El autobús nos dejó en los andenes inferiores de la Terminal KL Sentral, un edificio enorme con mucho trasiego a mediodía. Aprovechamos para comer algo en un local de comida rápida, aún aletargados por el jet lag y el duermevela tortuoso de los asientos del avión —males dichosos de los que no nos libraríamos hasta el día siguiente.

El primer Grab —la aplicación utilizada para tomar un coche con conductor en el sudeste asiático, similar a Uber— no nos aceptó. No se podía tomar un taxi ajeno en la parada de la terminal. Había que alejarse. Y dar demasiada vuelta. Cansados como estábamos, al final optamos por un taxi de la parada. Algo más caro, sí… pero igual de efectivo. Y al final, eso es lo que importa, cuando la economía no es de supervivencia.


Hotel,hotel,hotel ...(¡qué no llegamos!)

Divina sensación después de tantas horas en avión😇

Bajamos antes de llegar al hall. El tráfico era horripilante, inamovible como piezas de museo. El Google Maps nos marcaba el alojamiento a apenas cien metros. ¿Para qué esperar si podíamos llegar andando antes?

—Aquí no puede ser, muy caro —le dije a mi Pequeña Heredera, con la soberbia del veterano que cree tener siempre la razón.

—Que es aquí. No hay otro sitio —replicó la osada criatura, hija de mi hermana.

Y cómo decirlo sin herir mi orgullo... pero tenía razón. Reí, como el que ríe bajo los efectos de las risas más estúpidas, creadas por algún alucinógeno moderno fabricado en un local clandestino. 

El edificio era portentoso, con una recepción intimidante para un viajero acostumbrado a menores placeres. El Axon Suites Smooth Stay era un apartamento limpio e iluminado, con cocina americana y unas hermosas vistas de la ciudad. La altura era suficiente para que los propensos al vértigo se lo pensaran dos veces antes de alquilarlo.

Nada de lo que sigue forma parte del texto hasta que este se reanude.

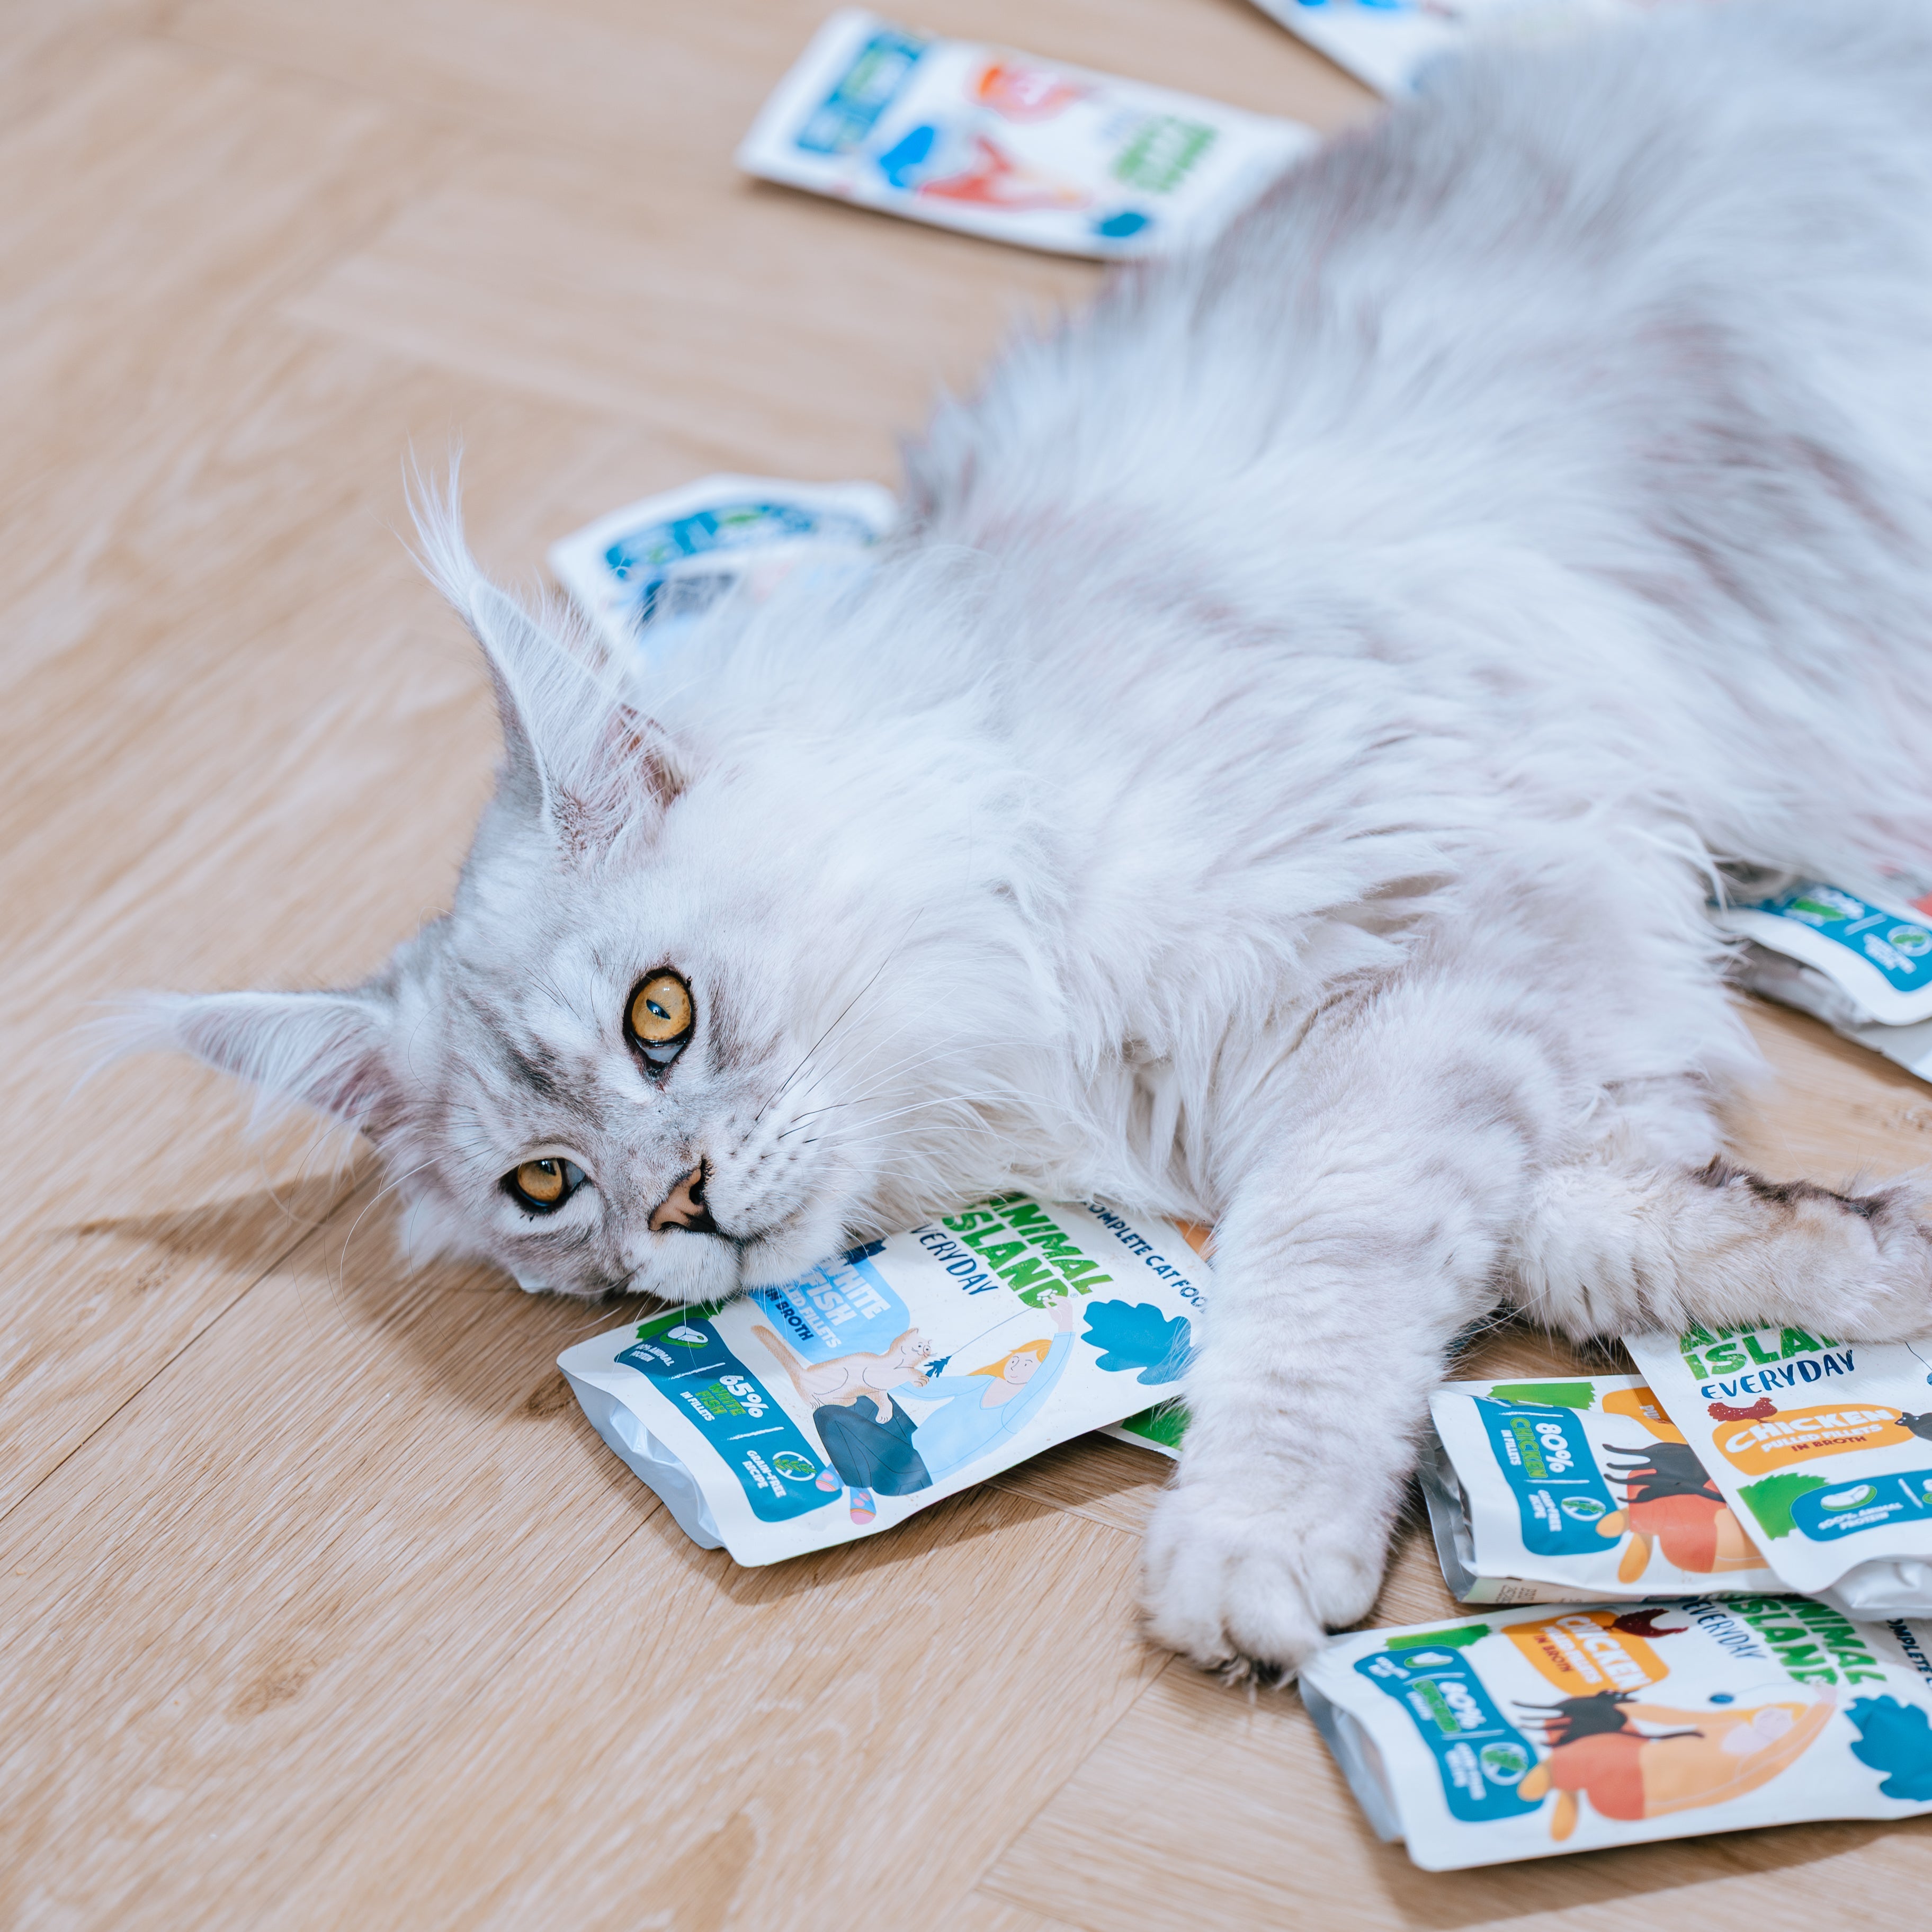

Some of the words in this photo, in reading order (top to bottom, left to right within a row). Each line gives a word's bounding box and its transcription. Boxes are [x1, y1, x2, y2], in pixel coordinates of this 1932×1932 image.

[909, 1222, 999, 1295] VERYDAY
[942, 1210, 1069, 1309] SLAND
[989, 1194, 1114, 1295] NIMAL
[1082, 1200, 1153, 1256] OMPLETE
[1146, 1255, 1182, 1280] CAT
[1170, 1278, 1209, 1314] FOO
[775, 1301, 815, 1341] BROTH
[800, 1272, 858, 1327] FISH
[798, 1306, 842, 1348] FILLETS
[1683, 1324, 1840, 1381] ISLA
[1701, 1349, 1855, 1399] EVERYDAY
[679, 1391, 693, 1402] IN
[687, 1397, 715, 1421] FILLETS
[695, 1390, 728, 1415] FISH
[708, 1382, 747, 1416] WHITE
[719, 1375, 770, 1418] 65%
[1510, 1417, 1549, 1478] CHICKEN
[1535, 1423, 1575, 1473] 80%
[1725, 1409, 1895, 1454] CHICKEN
[1760, 1433, 1820, 1453] PULLED
[1820, 1424, 1883, 1441] FILLETS
[1790, 1443, 1810, 1452] IN
[1812, 1435, 1867, 1448] BROTH
[742, 1460, 769, 1489] RECIPE
[746, 1450, 787, 1498] GRAIN-FREE
[1556, 1615, 1653, 1689] CHICKEN
[1681, 1599, 1768, 1659] EVERYDAY
[1727, 1598, 1839, 1686] SLAND
[1781, 1596, 1888, 1685] NIMAL

Llegar no fue tan sencillo como habíamos imaginado. Para subir por el ascensor, había que acercar la tarjeta a un sensor que activaba la tecla de nuestra planta. Necesitamos ser auxiliados por alguien más curtido en estos menesteres que subió con nosotros. El Peluche Discreto, de inescrutables pensamientos, debió pensar: ¡Con quién viajamos! Y yo parecía haber salido de un remoto pueblo malayo, como Paco Martínez Soria en su célebre interpretación de un hombre que nunca ha salido de su aldea y llega a Madrid en la década de los sesenta: La ciudad no es para mí. ¿Cuándo dejaría de ser un pardillo? Luego, por malas indicaciones del propietario, intentamos acceder al apartamento incorrecto con las llaves. Finalmente, el joven dueño subió y logramos entrar a nuestro habitáculo de descanso. La modernidad puede ser domada por los pastores.

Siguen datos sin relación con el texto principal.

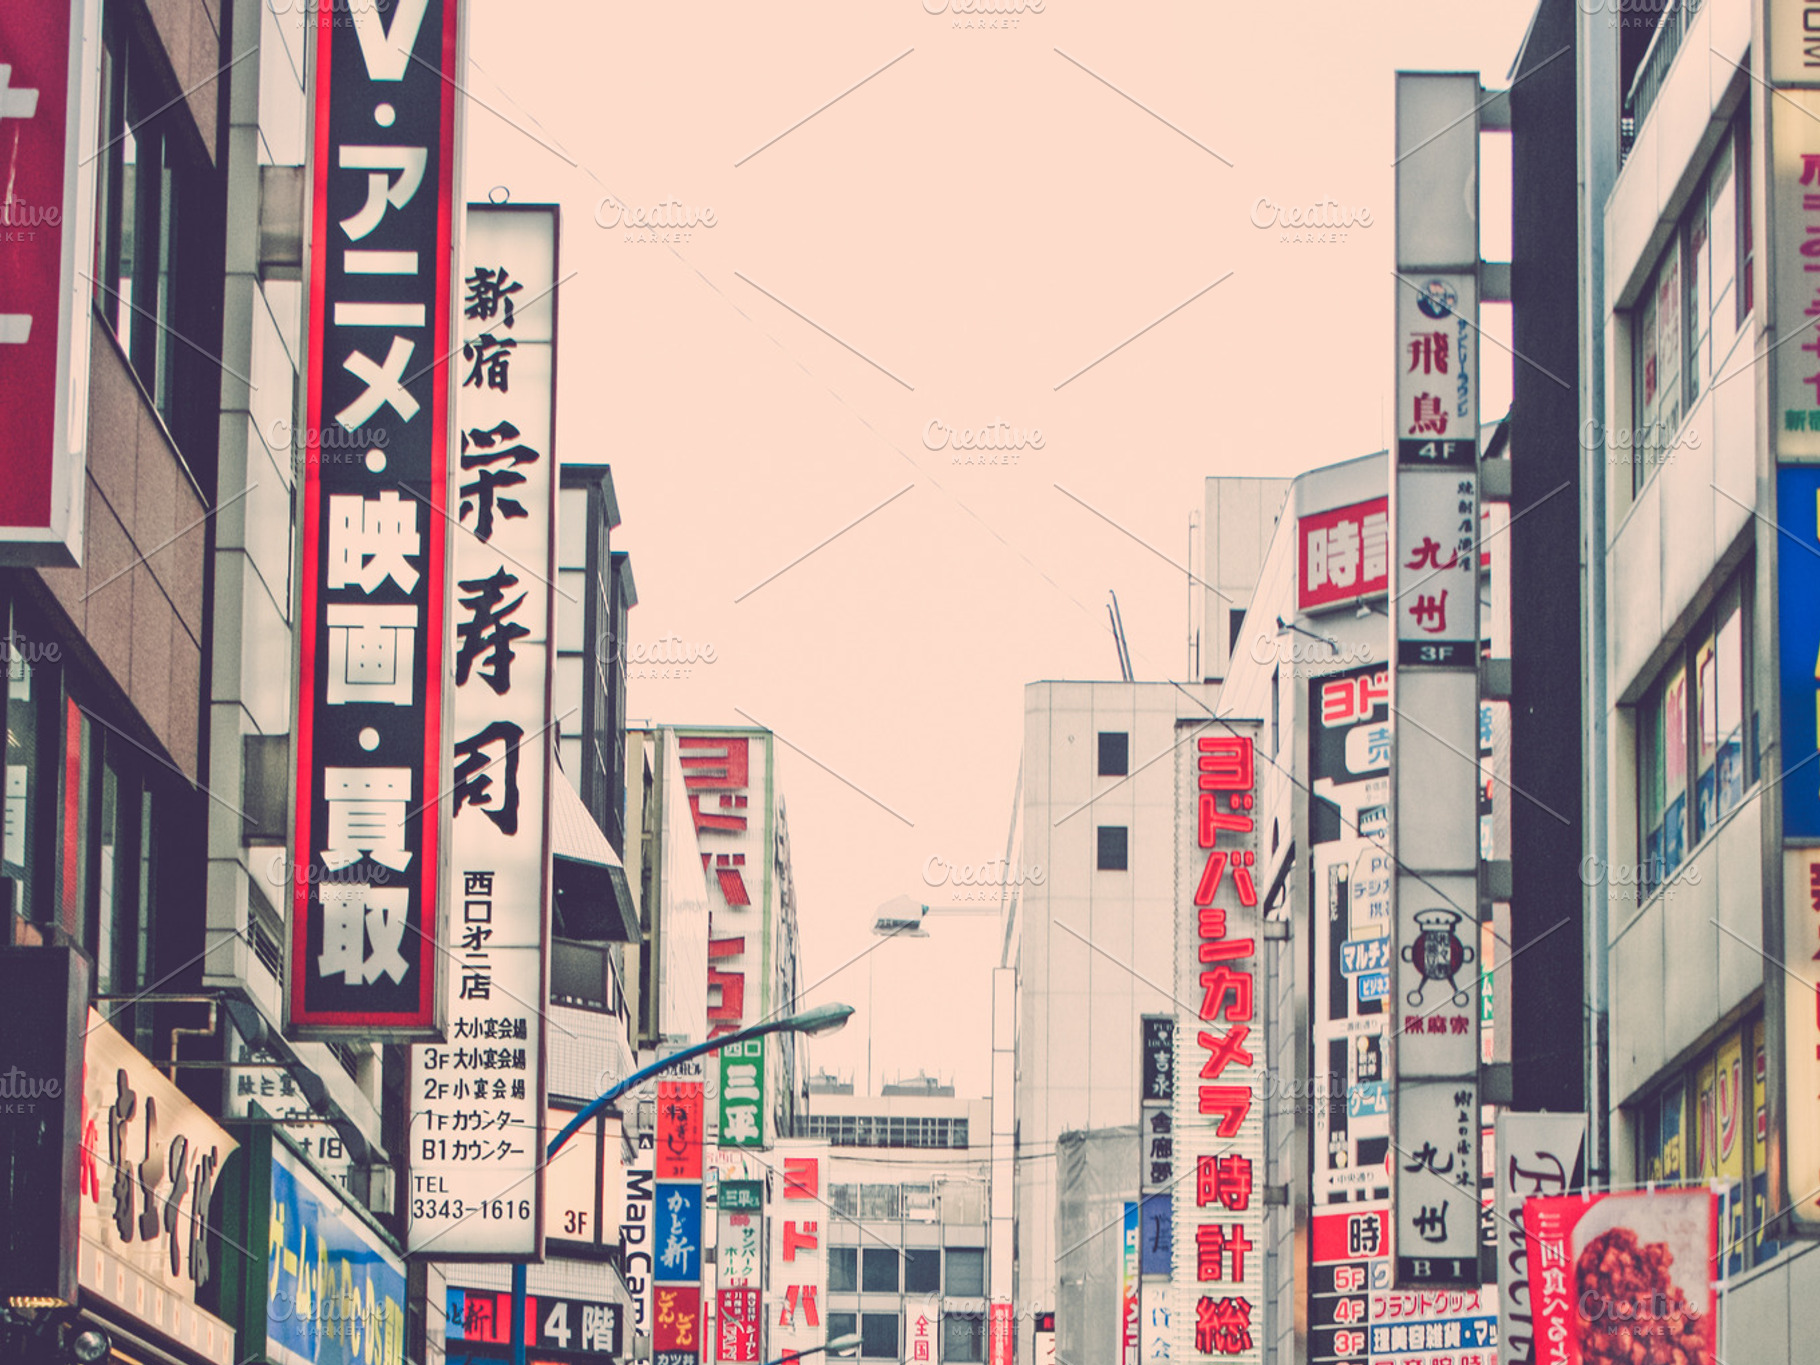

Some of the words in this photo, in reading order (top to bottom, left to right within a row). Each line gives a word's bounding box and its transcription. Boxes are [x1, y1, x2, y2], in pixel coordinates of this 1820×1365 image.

[1408, 331, 1450, 435] 飛鳥
[1418, 440, 1457, 461] 4F
[1420, 645, 1455, 662] 3F
[454, 1017, 528, 1041] 大小宴会場
[424, 1048, 449, 1070] 3F
[453, 1047, 527, 1072] 大小宴会場
[424, 1079, 449, 1099] 2F
[453, 1078, 526, 1101] 小宴会場
[723, 1064, 761, 1142] 三平
[426, 1109, 449, 1131] 1F
[452, 1109, 526, 1132] カウンター
[422, 1139, 447, 1161] B1
[451, 1138, 525, 1163] カウンター
[415, 1176, 449, 1194] TEL
[413, 1200, 531, 1220] 3343-1616
[564, 1210, 588, 1236] 3F
[1335, 1267, 1365, 1292] 5F
[1334, 1298, 1365, 1323] 4F
[543, 1302, 616, 1353] 4階
[1334, 1330, 1365, 1354] 3F

Paco Martínez, el famoso actor español que me recordó a mí en el Hotel Axon Suites.

Salí a inspeccionar los alrededores, repletos de locales y centros comerciales. El centro de Kuala Lumpur era una eclosión de consumismo: miles de personas predispuestas a saquear sus cuentas en un variopinto mundo de tiendas. Nunca antes había visto tantos centros comerciales en tan pocos kilómetros cuadrados.

Y el durian, esa fruta de olor repugnante que no invitaba a ser probada, se vendía en muchos puestos callejeros. Sí, lo probamos. No porque quisiera, sino porque mi Pequeña Heredera lo deseaba, y al hacerlo ella, lo hicimos los tres. No me pareció ni exquisito ni gustoso. Pero, claro está, el fétido aroma también jugó un papel importante a la hora de ser juzgado por nuestro influenciado paladar.

Nos ocurrió como al rico que entra a un banco vestido de pobre y nadie le hace caso: se da cuenta de que el trato honorable de los banqueros no depende de la personalidad, sino del peso económico. ¿Acaso juzgamos igual a un ratón que a un perro, siendo ambos mamíferos?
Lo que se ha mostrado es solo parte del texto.